L'Intifada a un nom de femme

Par Miquel Cartró i Boada¤

 
Le 8 Mars, Journée internationale de la femme, nous célébrons les femmes qui ont combattu pour un monde d’égalité, plus juste. Les femmes sahraouies ont eu et ont un rôle clé dans la structure sociale et politique de la RASD (République Arabe Sahraouie Démocratique) et ont atteint un statut plus avancé que dans la plupart des sociétés arabes et musulmanes.

Les femmes sahraouies sont combatives. Historiquement elles ont fait partie de l’armée et de l’organisation des camps de réfugiés, mais aussi dans les territoires occupés, se battant avec les seules armes de la parole et de la raison.

Elles demandent la justice, le respect des droits humains et le droit à l’autodétermination du peuple sahraoui.

Des femmes qui n’ont pas peur des menaces d’emprisonnement, de torture, de viol ou de répression. Rappelons-nous Aminatou Haidar ou Sultana Khaya.

La terreur subie par les femmes est programmée et exécutée pour détruire la résistance du peuple sahraoui.

La violence des forces d’occupation contre les femmes sahraouies est-elle due au fait que le régime alaouite craint les femmes sahraouies? La réponse est «oui». 

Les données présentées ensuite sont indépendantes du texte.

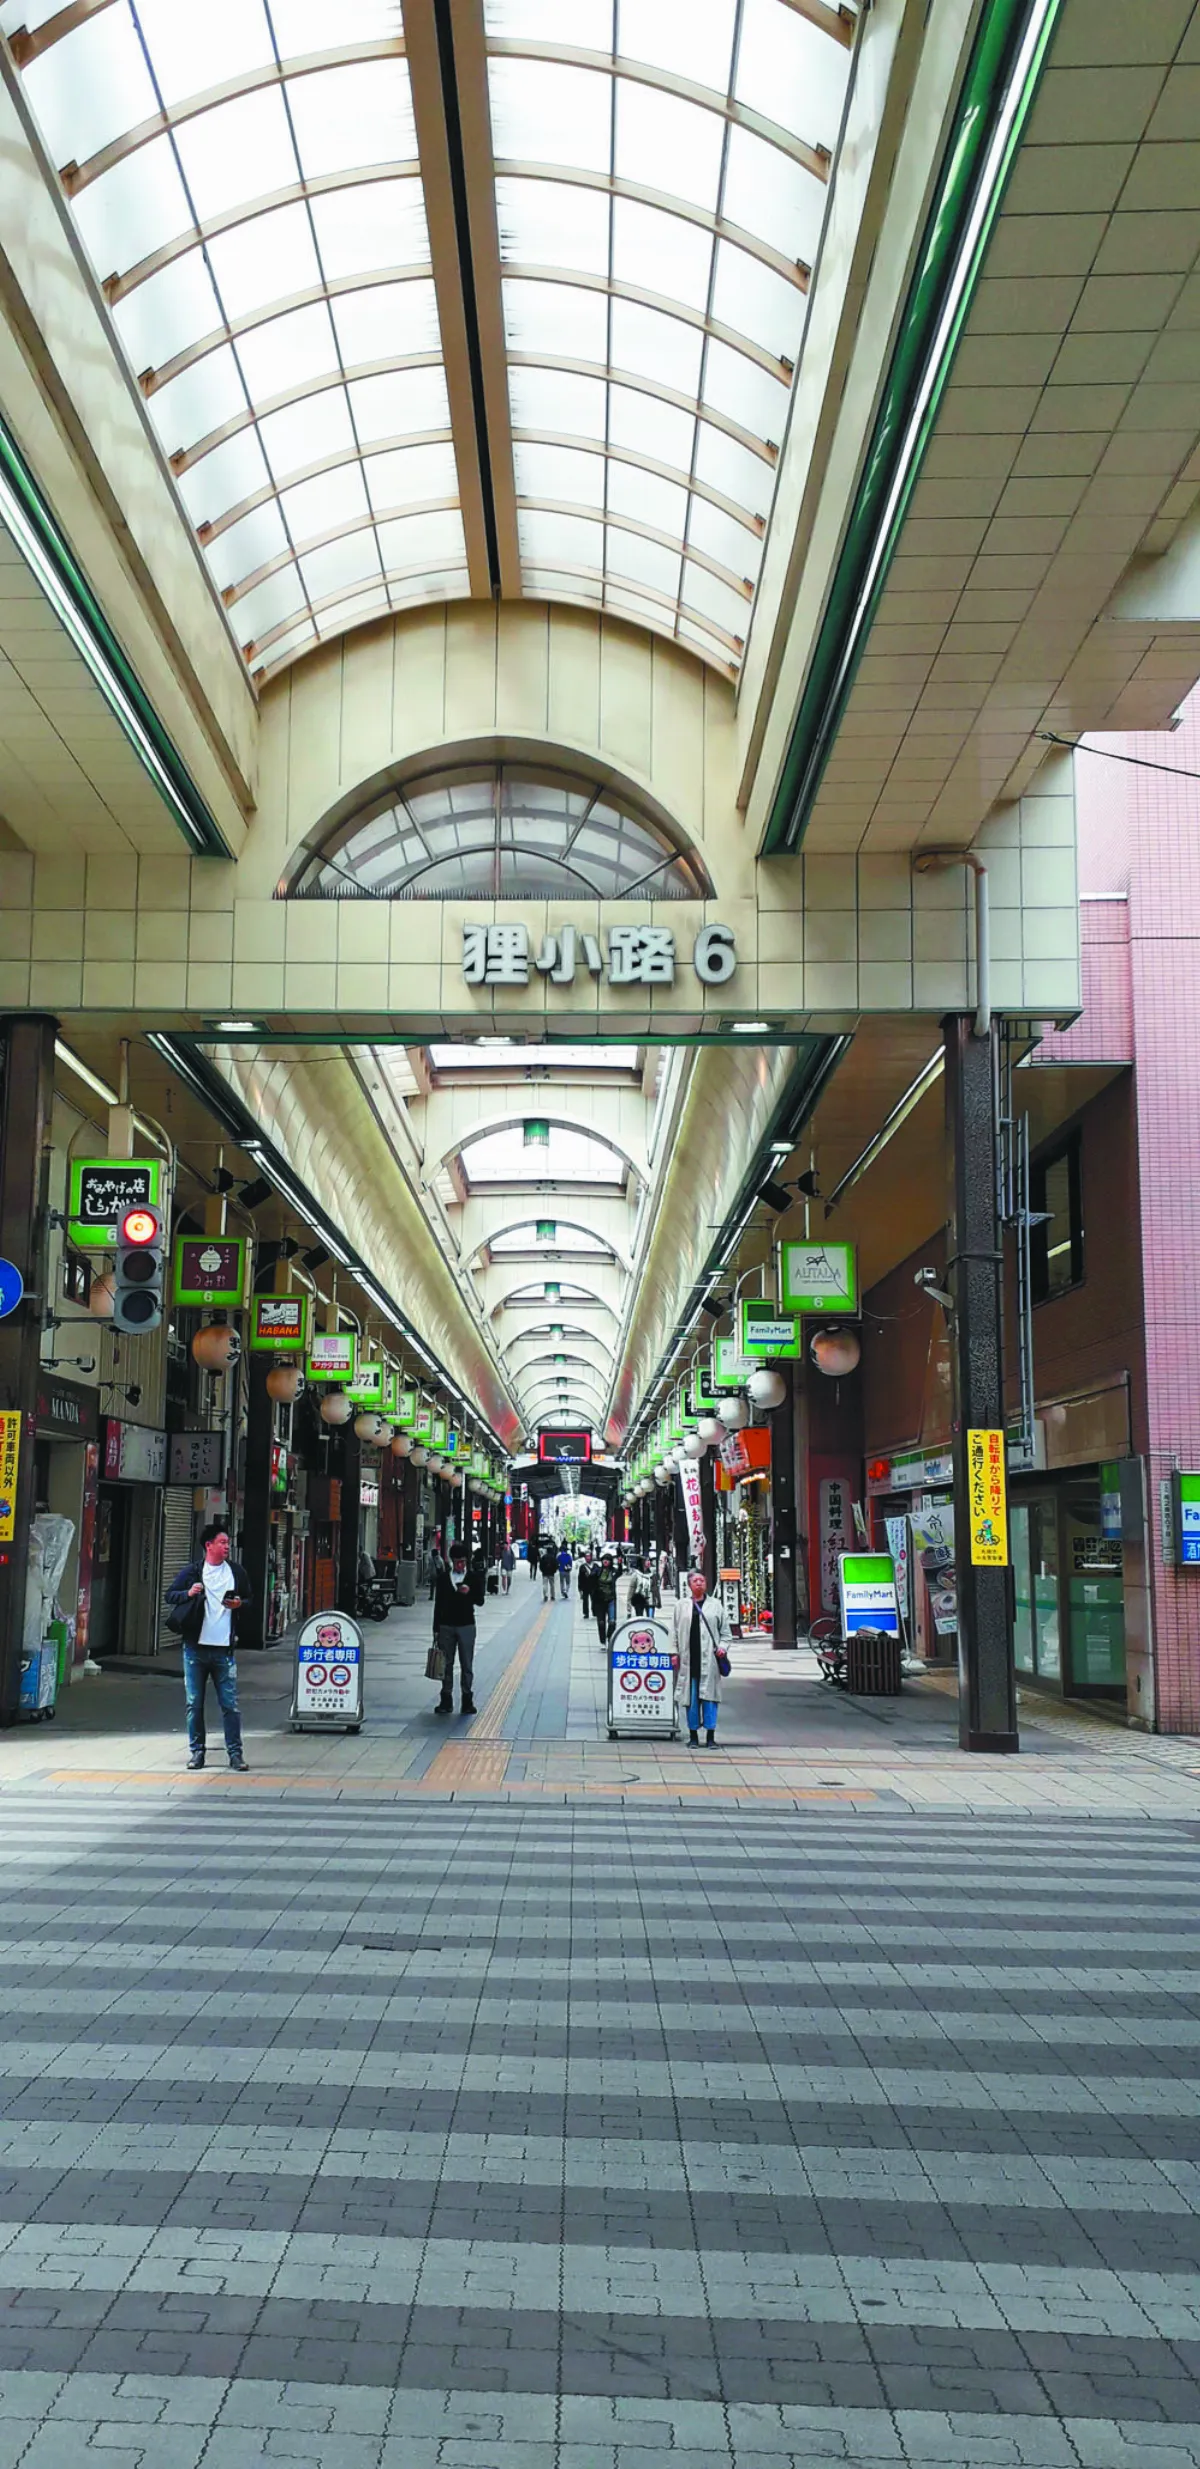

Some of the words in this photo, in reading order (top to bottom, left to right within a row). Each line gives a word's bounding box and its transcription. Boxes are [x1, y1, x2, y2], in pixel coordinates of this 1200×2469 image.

¤Miquel Cartró i Boada, licencié en philologie Catalane est technicien en communication et relations publiques, membre du conseil d’administration de l’ ACAPS (Association Catalane des Amis du Peuple Saharoui), de l’ACAPS Wilaya du Haut Penedès et de Resistencia Sahrauí, et il est membre de diverses associations de solidarité, culturelles et sportives. Un grand militant de la solidarité avec le peuple du Sahara Occidental et contre la répression exercée par le Maroc.